No te puedes imaginar, querida compañera, la satisfacción que me produce este año ser tu amigo invisible. Nada más leer tu nombre en el papelito adjudicatario, volé como correcaminos a mi plácida mesa en la oficina. Sentado frente al ordenador, noté que la alegría me reventaba por las cinchas del teclado. Mis dedos, cuál clavileños, volaban perdidos por la red para hallar la tienda donde comprar tu regalo. La emoción me embargó hasta tal punto, que poco faltó para perder la razón de mi sinrazón, que a mi razón se hace.
Has de saber, estimada compañera de menesteres laborales, que tengo clarísimo tu obsequio desde hace meses, y que por eso no he perdido el tiempo en adivinar tus gustos y afinidades. Recé para que fueras tú la elegida, y fueron del tal intensidad mis oraciones, que el todopoderoso así me lo agradeció. Al cielo imploré ser el agraciado para ofrecerte un presente acorde a tus actitudes y necesidades de los últimos meses. Como te digo, fueron muchas las noches que pasé suspirando de claro en claro, y los días de turbio en turbio, hasta topar con el destino del óbolo. Mientras lo envolvía con esmero, la embriaguez por esa satisfacción habría hecho estallar cualquier alcoholímetro de la Benemérita.

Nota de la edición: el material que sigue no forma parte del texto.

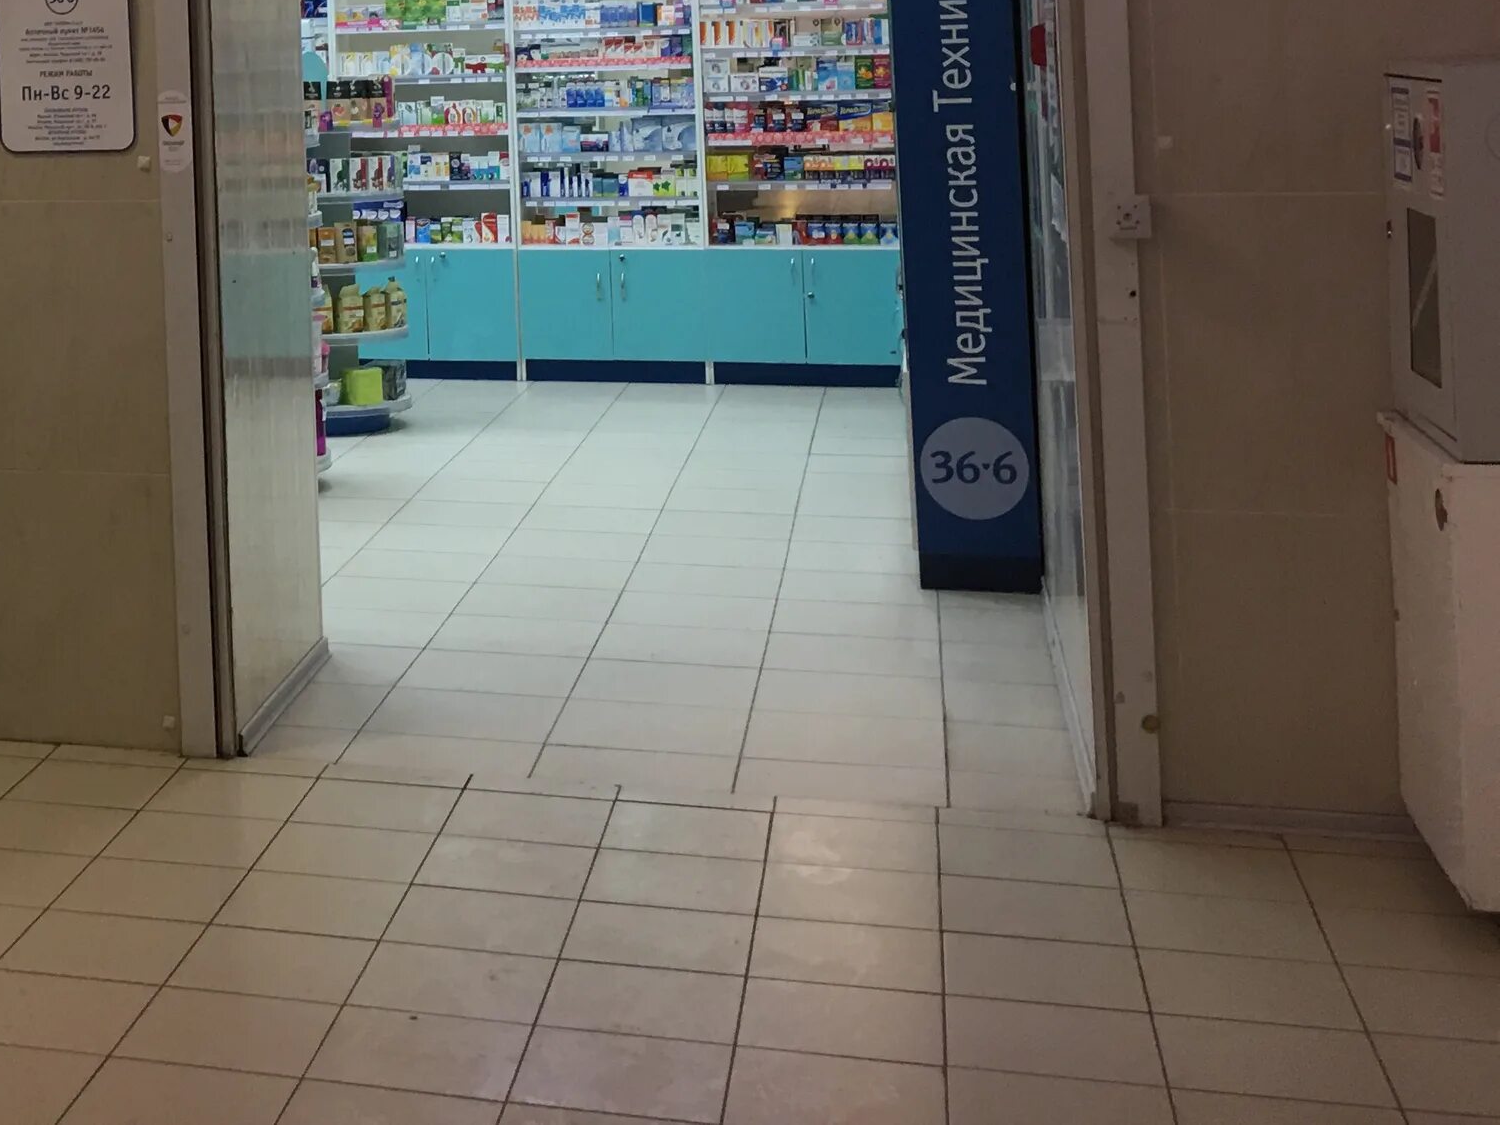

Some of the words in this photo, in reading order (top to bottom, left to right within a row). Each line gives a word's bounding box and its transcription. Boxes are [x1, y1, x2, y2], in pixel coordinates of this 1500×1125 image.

[66, 69, 93, 77] РАБОТЫ
[22, 85, 69, 101] Пн-Вс
[74, 84, 111, 100] 9-22
[946, 124, 992, 386] Медицинская

Estos últimos tiempos, apreciada compañera, enturbiabas mi juicio cada vez que coincidíamos en el dispensador mecánico de viandas. Tu populista elocuencia encogía mi espíritu en cada sílaba y palabra. Cincelado en el aire, y mezclado con el aroma de café de máquina, tu concepción sobre el destino por el que España debe transitar en el futuro, me dejaba encogido y sin verbo. Algunos compañeros intentamos, en aquellos primeros momentos de tu discurso, buscar puntos de encuentro en tu discurso y parlamento, como hacíamos antaño. Tus respuestas sobre nuestras argumentaciones, a las que acusabas de reaccionarias y casposas, nos dejaban perplejos y atónitos.

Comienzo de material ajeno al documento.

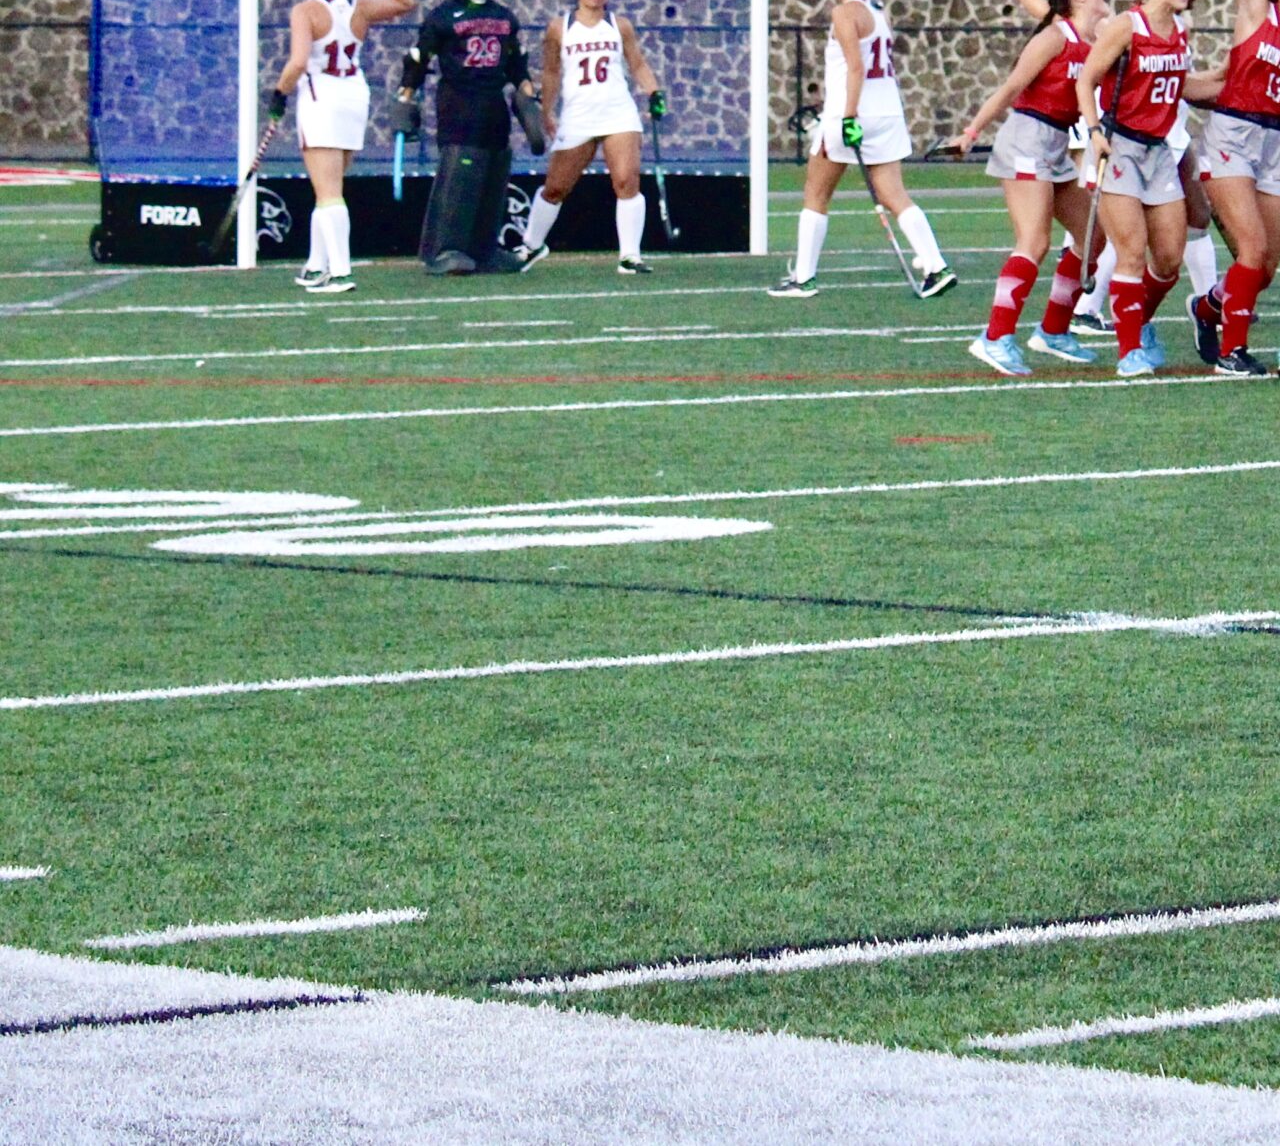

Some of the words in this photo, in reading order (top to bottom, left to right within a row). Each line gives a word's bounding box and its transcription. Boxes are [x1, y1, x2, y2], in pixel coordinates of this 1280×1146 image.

Recordarás, sentida compañera, que no está lejano el tiempo en el que debatíamos sobre todo. A veces con asperezas, pero siempre manteniendo vivo el pegamento que nos ha hecho durante mucho tiempo amigos, compañeros, paisanos y compatriotas. Si hubo muro entre nosotros, en aquellos añorados años, era fácil de saltar. Me consta que, por aquel tiempo, tu voluntad y la mía derribaban los tabiques que amenazaban con ser infranqueables.
Poco a poco, en estos últimos meses, tu mirada y la mía se han tornado frías al cruzarse. Las palabras entre nosotros escasean, y quedan limitadas a dos tres saludos protocolarios. No me resigno a ese destino, que apunta a un futuro no ya de muros, sino de precipicios, tajos y barrancos insalvables.
Por eso, considerada compañera, me siento muy orgulloso del regalo que hogaño te ofrezco, como amigo invisible y corporal, que quiere serlo tuyo durante largos años. Es un libro que, me consta, leíste hace mucho tiempo y que fue escrito hace cuarenta y cinco por muchos autores. Encierra, en sus líneas, palabras hermosas y justas. Para todos y para todas. Sin distinción.
Este es mi regalo de este año. Un ejemplar de la Constitución Española. Por favor, no lo tires. Somos muchos los que no estamos dispuestos a ver ese libro en la papelera, y soñamos con caminar siempre juntos.